Desde la irrupción de la metodología BIM en el diseño de construcciones, los avances en calidad de diseño, eficiencia e integración de sistemas han sido manifiestos. La metodología BIM permite integrar gran cantidad de información en los modelos de diseño, que ya no son conjuntos de entidades de dibujo, sino modelos virtuales tridimensionales. Los beneficios para todos los agentes participantes en un proyecto son innumerables, Desde la facilidad de comprensión del diseño hasta la reducción de errores, pasando por la unificación de la información en un solo lugar o la detección de colisiones entre diferentes sistemas, ha permitido mejorar el trabajo de equipos multidisciplinares que intervienen en un proyecto.

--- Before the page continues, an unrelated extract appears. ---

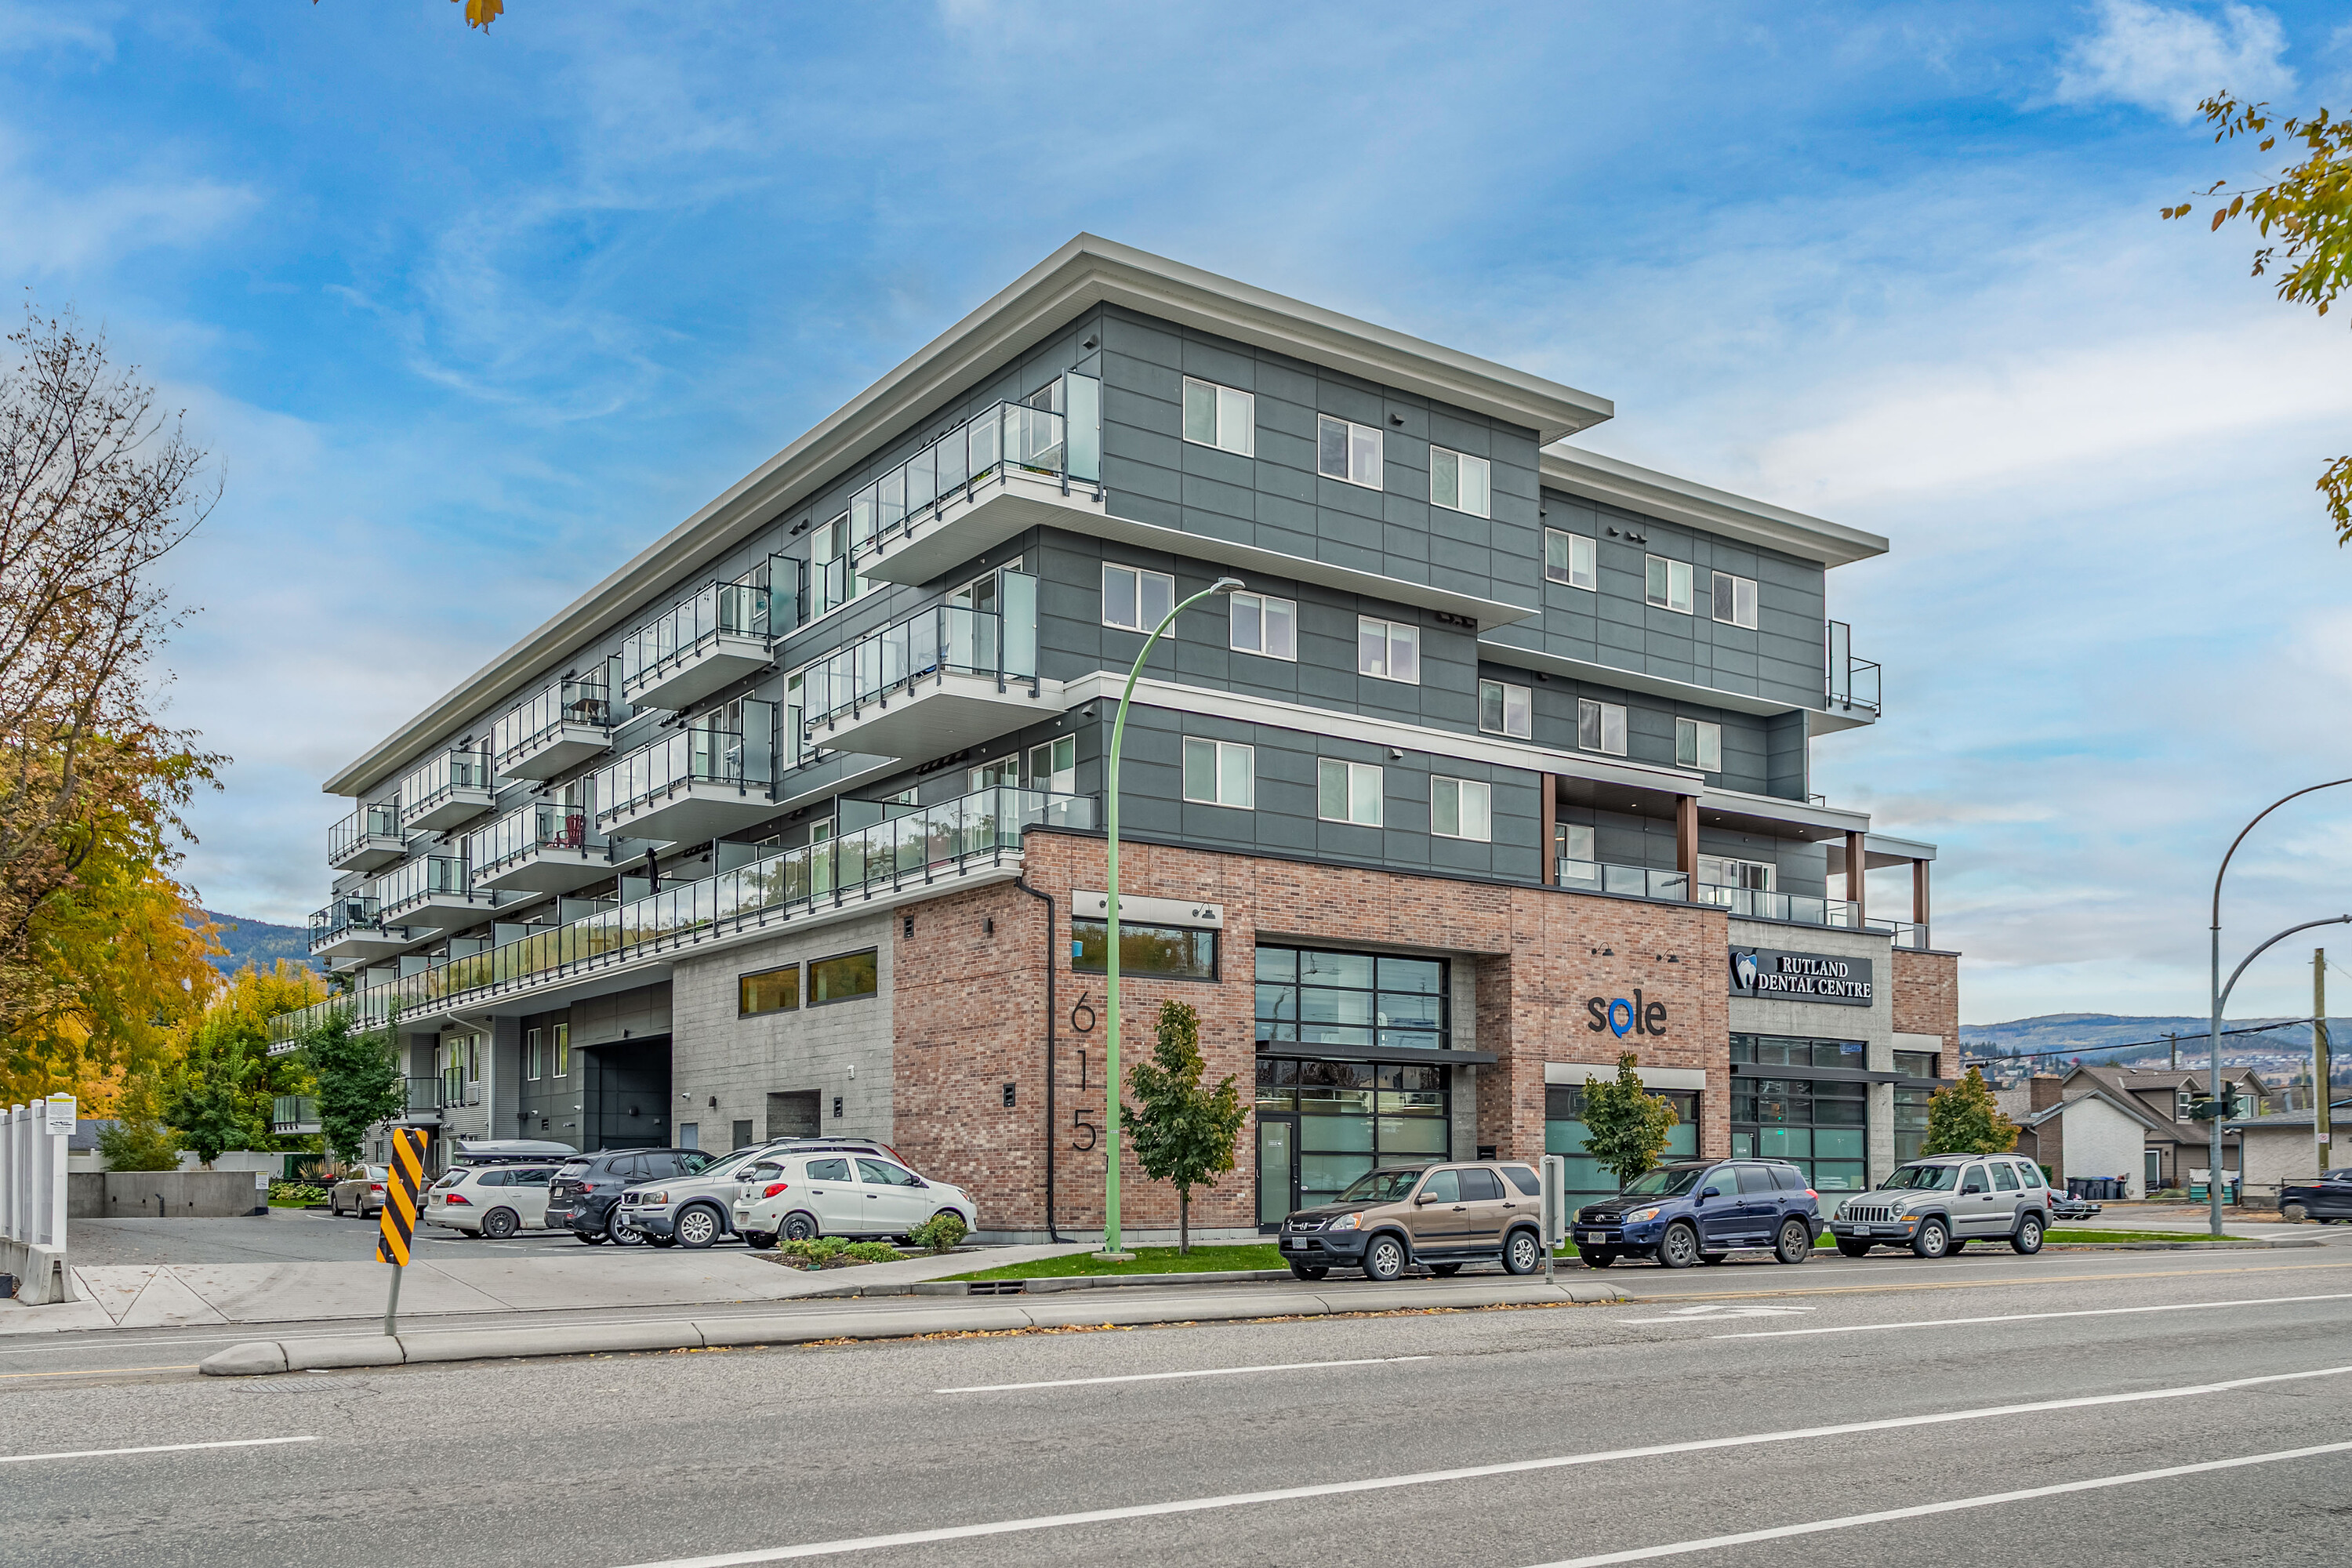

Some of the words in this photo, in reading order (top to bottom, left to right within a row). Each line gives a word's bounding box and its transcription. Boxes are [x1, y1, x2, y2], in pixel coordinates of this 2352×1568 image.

En los casos que abordamos en KEPLER, la utilización del BIM nos permite integrar virtualmente los diferentes sistemas que intervienen en un proyecto (estanterías, transportadores, elevadores, paletizadores, etc.), de forma que el cliente o la ingeniería que integra todos estos sistemas es capaz de verificar las interferencias y determinar el mejor diseño de la estructura que les dá soporte.
Otra de las grandes ventajas del BIM es la integración de los modelos de diseño y calculo estructural. Esto favorece enormemente el trabajo de calculistas y proyectistas, reduce tiempos de trabajo y reduce la posibilidad de errores.

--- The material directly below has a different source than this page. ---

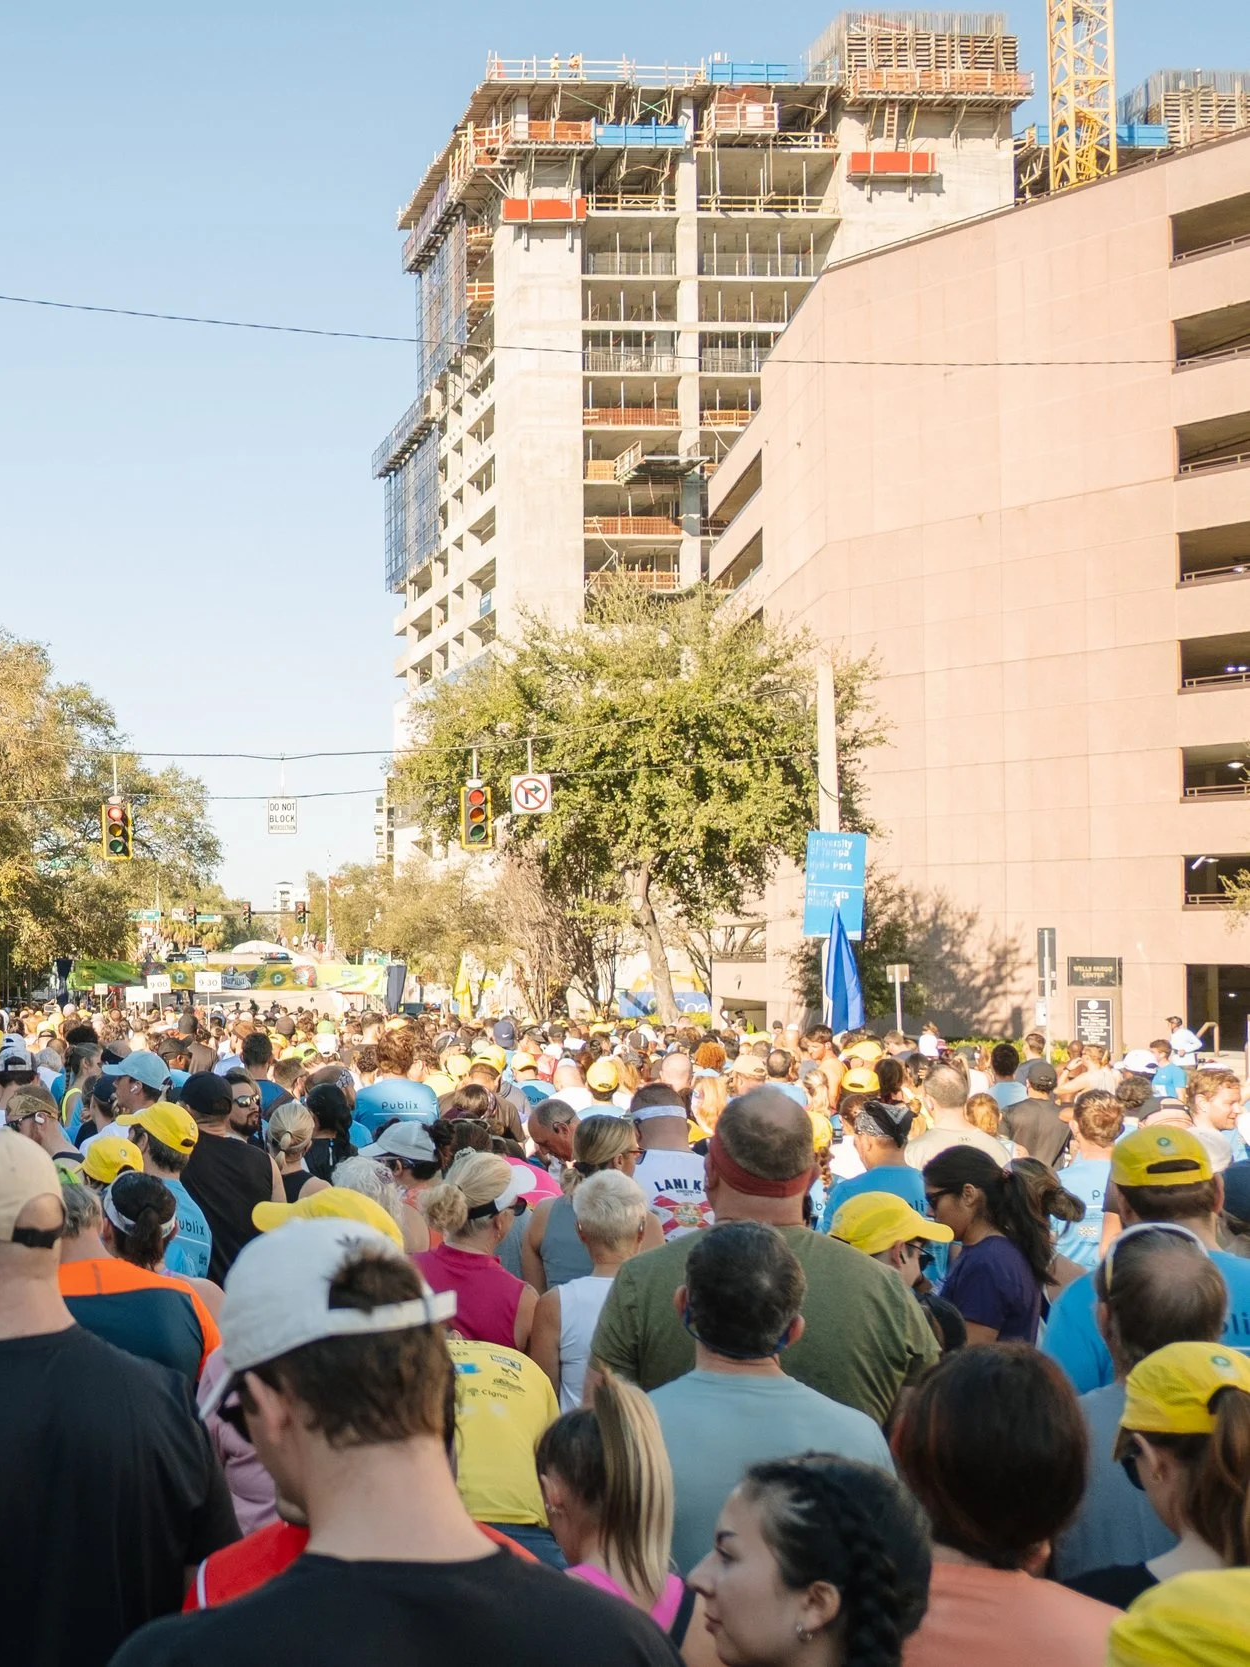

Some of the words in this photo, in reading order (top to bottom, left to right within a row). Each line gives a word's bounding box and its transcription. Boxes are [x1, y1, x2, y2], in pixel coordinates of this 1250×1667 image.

La integración va más allá con la comunicación del software de diseño con el de fabricación. Los planos de fabricación dejan paso a ficheros cnc, la información no es manipulada, y la posibilidad del error humano en la transcripción de la información es eliminada.
Hoy por hoy, no es posible abordar proyectos de esta índole sin contar con esta metodología de trabajo. La continua evolución de las herramientas utilizadas nos lleva a un continuo aprendizaje. La evolución de la IA abre futuras posibilidades de desarrollo en este campo que seguro favorecerá aun más la eficiencia y velocidad en el desarrollo de los proyectos.